### Problem statement:
For each line below, return an exact copy.
───── The data
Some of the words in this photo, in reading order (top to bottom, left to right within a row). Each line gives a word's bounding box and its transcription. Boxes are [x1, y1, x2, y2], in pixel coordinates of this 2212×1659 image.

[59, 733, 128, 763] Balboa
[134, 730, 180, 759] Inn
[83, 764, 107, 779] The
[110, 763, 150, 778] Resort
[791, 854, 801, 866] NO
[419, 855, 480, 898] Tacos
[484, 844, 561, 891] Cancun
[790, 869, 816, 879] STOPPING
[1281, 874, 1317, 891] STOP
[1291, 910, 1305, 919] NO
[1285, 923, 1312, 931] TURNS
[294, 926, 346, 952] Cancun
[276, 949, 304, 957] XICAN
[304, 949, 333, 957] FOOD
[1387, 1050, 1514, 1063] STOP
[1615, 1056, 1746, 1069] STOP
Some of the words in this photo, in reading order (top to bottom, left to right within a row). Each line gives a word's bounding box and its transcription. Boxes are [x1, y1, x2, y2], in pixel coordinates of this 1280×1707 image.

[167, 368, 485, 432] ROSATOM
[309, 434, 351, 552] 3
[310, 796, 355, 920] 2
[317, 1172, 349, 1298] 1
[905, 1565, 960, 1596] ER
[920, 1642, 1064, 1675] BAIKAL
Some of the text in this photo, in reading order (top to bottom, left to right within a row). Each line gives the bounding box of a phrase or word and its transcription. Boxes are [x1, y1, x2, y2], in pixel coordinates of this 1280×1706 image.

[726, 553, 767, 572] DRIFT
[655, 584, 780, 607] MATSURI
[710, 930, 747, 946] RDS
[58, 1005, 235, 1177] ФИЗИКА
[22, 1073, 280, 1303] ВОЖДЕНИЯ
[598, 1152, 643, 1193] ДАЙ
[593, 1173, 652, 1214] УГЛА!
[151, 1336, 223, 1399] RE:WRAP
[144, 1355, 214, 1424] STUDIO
──────────
### Exercise response:
Some of the words in this photo, in reading order (top to bottom, left to right within a row). Each line gives a word's bounding box and its transcription. Boxes are [x1, y1, x2, y2], in pixel coordinates of this 2212×1659 image.

[59, 733, 128, 763] Balboa
[134, 730, 180, 759] Inn
[83, 764, 107, 779] The
[110, 763, 150, 778] Resort
[791, 854, 801, 866] NO
[419, 855, 480, 898] Tacos
[484, 844, 561, 891] Cancun
[790, 869, 816, 879] STOPPING
[1281, 874, 1317, 891] STOP
[1291, 910, 1305, 919] NO
[1285, 923, 1312, 931] TURNS
[294, 926, 346, 952] Cancun
[276, 949, 304, 957] XICAN
[304, 949, 333, 957] FOOD
[1387, 1050, 1514, 1063] STOP
[1615, 1056, 1746, 1069] STOP
Some of the words in this photo, in reading order (top to bottom, left to right within a row). Each line gives a word's bounding box and its transcription. Boxes are [x1, y1, x2, y2], in pixel coordinates of this 1280×1707 image.

[167, 368, 485, 432] ROSATOM
[309, 434, 351, 552] 3
[310, 796, 355, 920] 2
[317, 1172, 349, 1298] 1
[905, 1565, 960, 1596] ER
[920, 1642, 1064, 1675] BAIKAL
Some of the text in this photo, in reading order (top to bottom, left to right within a row). Each line gives the bounding box of a phrase or word and its transcription. Boxes are [x1, y1, x2, y2], in pixel coordinates of this 1280×1706 image.

[726, 553, 767, 572] DRIFT
[655, 584, 780, 607] MATSURI
[710, 930, 747, 946] RDS
[58, 1005, 235, 1177] ФИЗИКА
[22, 1073, 280, 1303] ВОЖДЕНИЯ
[598, 1152, 643, 1193] ДАЙ
[593, 1173, 652, 1214] УГЛА!
[151, 1336, 223, 1399] RE:WRAP
[144, 1355, 214, 1424] STUDIO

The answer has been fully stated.